---- DATASET

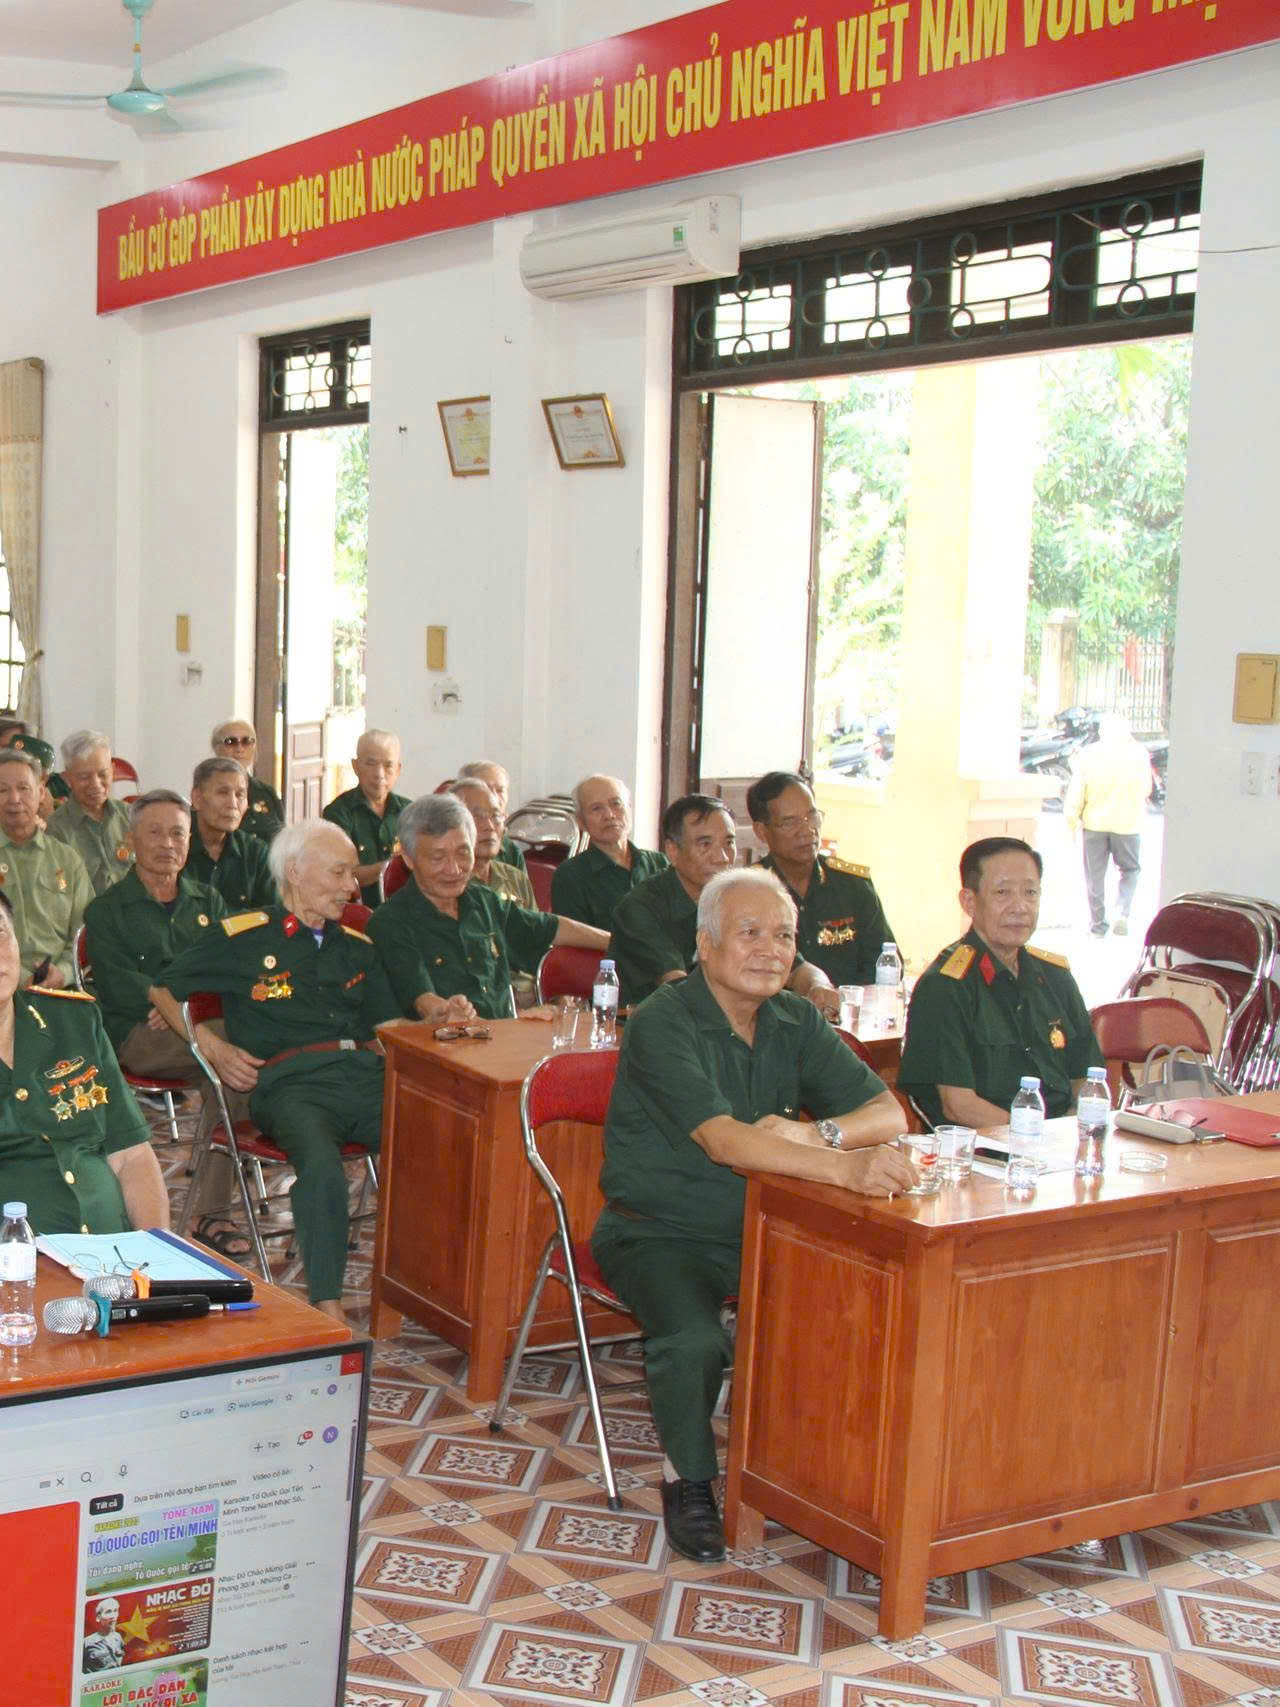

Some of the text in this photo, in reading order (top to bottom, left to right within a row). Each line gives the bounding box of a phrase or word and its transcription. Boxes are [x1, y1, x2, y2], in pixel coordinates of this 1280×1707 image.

[119, 215, 144, 281] BẦU
[148, 206, 167, 273] CỬ
[169, 206, 196, 268] GÓP
[200, 185, 241, 258] PHẦN
[244, 180, 275, 247] XÂY
[279, 174, 325, 247] DỰNG
[329, 149, 367, 225] NHÀ
[371, 135, 424, 213] NƯỚC
[429, 115, 485, 197] PHÁP
[490, 84, 566, 188] QUYỀN
[572, 76, 607, 161] XÃ
[614, 63, 658, 162] HỘI
[665, 32, 722, 138] CHỦ
[730, 18, 826, 122] NGHĨA
[837, 0, 910, 106] VIỆT
[918, 0, 1009, 77] NAM
[163, 1503, 215, 1520] TONE NAM
[106, 1530, 138, 1552] QUỐC
[146, 1587, 187, 1607] NHẠC
[190, 1577, 212, 1598] ĐỎ
[83, 1680, 122, 1695] KARAOKE
[181, 1691, 199, 1706] XA

--------

WORK INSTRUCTIONS »
Retype each entry exactly as it appears, excluding any image.

ANSWER TO THE PROBLEM »
Some of the text in this photo, in reading order (top to bottom, left to right within a row). Each line gives the bounding box of a phrase or word and its transcription. Boxes are [x1, y1, x2, y2], in pixel coordinates of this 1280×1707 image.

[119, 215, 144, 281] BẦU
[148, 206, 167, 273] CỬ
[169, 206, 196, 268] GÓP
[200, 185, 241, 258] PHẦN
[244, 180, 275, 247] XÂY
[279, 174, 325, 247] DỰNG
[329, 149, 367, 225] NHÀ
[371, 135, 424, 213] NƯỚC
[429, 115, 485, 197] PHÁP
[490, 84, 566, 188] QUYỀN
[572, 76, 607, 161] XÃ
[614, 63, 658, 162] HỘI
[665, 32, 722, 138] CHỦ
[730, 18, 826, 122] NGHĨA
[837, 0, 910, 106] VIỆT
[918, 0, 1009, 77] NAM
[163, 1503, 215, 1520] TONE NAM
[106, 1530, 138, 1552] QUỐC
[146, 1587, 187, 1607] NHẠC
[190, 1577, 212, 1598] ĐỎ
[83, 1680, 122, 1695] KARAOKE
[181, 1691, 199, 1706] XA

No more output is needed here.